Deux amis insatiables des libations profitent de l’argent qu’ils ont gagné avec une petite escroquerie pour toujours reculer le moment du dernier verre. La principale qualité du film est la découverte d’une Vénétie loin de la carte postale et de la beauté hallucinante de la Cité des Doges. Une province brutaliste, grise, morne et vaguement mélancolique. Mais je n’ai pas compris le message de ce film. S’il y en a un.
Une histoire qui raconte une région peu représentée dans le cinéma italien. Un point de vu fataliste sur la vie dans la plaine du Pô, mêlant poésie et mélancolie. Un cinéma humain.
D'une lourdeur sans nom. Au bout de quelques minutes on comprend qu'on nous montre la Vénétie en deshérance à travers les pérégrinations de deux pochards. Au cas où on n'aurait pas compris, comme eux, on en prend plusieurs doses car le film est très répétitif. Bande sonore de gratouillis adolescents a la guitare, inaudible.
Filme simple, sans fioriture dans lequel deux amis alcooliques sont prêts à toutes les ruses pour le dernier verre qui n'est jamais le dernier ils entraînent avec eux un plus jeune. Film touchant
Je ne comprends pas les notes si basses. Ce n’est pas souvent que de voir un film aussi léger et si beau. Les acteurs sont formidables. Tout est délicieux.

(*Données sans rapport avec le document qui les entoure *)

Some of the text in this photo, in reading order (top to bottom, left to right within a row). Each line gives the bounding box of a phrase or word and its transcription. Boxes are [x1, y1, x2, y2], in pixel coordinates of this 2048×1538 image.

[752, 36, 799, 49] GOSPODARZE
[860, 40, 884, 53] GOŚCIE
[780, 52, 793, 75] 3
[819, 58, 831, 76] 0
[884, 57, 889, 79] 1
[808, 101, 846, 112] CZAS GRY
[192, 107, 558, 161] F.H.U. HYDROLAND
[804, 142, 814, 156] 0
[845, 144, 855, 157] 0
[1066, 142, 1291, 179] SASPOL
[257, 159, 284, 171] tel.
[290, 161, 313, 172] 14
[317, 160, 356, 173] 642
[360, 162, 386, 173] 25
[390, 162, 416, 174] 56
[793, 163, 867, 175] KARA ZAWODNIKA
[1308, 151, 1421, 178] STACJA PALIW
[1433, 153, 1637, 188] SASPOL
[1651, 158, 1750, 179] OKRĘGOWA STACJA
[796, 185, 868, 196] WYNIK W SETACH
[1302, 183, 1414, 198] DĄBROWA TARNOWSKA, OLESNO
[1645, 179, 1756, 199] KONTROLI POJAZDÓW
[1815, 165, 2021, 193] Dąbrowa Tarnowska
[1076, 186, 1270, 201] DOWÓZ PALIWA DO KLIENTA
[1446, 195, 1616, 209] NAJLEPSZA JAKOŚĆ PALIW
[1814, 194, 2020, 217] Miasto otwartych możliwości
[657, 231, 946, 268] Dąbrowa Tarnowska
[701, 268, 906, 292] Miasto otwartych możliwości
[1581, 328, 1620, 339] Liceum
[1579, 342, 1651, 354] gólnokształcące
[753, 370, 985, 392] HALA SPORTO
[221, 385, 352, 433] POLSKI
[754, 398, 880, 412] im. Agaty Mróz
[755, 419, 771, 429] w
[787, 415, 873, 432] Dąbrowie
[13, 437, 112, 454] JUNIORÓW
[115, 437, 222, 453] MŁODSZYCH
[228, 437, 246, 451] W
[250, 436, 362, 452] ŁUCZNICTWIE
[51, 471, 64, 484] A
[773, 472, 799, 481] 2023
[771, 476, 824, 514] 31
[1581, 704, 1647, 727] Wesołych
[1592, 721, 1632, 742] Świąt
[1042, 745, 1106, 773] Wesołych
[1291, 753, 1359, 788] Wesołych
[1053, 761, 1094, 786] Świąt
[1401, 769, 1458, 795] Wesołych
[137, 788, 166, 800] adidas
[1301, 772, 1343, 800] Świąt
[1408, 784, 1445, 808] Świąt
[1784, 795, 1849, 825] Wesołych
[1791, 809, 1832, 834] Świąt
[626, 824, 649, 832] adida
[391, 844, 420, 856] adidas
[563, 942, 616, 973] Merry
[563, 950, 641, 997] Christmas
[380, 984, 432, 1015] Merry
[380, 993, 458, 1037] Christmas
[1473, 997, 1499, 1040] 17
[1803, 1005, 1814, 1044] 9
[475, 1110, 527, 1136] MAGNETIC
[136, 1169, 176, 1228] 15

Carlobianchi et Doriano, deux soûlographes dans la cinquantaine, roulent à travers la Vénétie d’un bar à l’autre. Leur route croise celle de Giulio, un jeune étudiant en architecture.
"Le Dernier pour la route" est le titre d’un film que j’avais adoré, sorti à la fin des années 2000, inspiré de l’autobiographie du rédacteur en chef de Paris Match guéri de son alcoolisme par une cure de désintoxication. Ce film avait relancé la carrière à l’arrêt de François Cluzel et de Mélanie Thierry. Je ne sais pas ce qui est passé dans la tête des distributeurs français pour utiliser le même titre et traduire ainsi "Le Città Di Pianura" (littéralement « Les Cités de la plaine »).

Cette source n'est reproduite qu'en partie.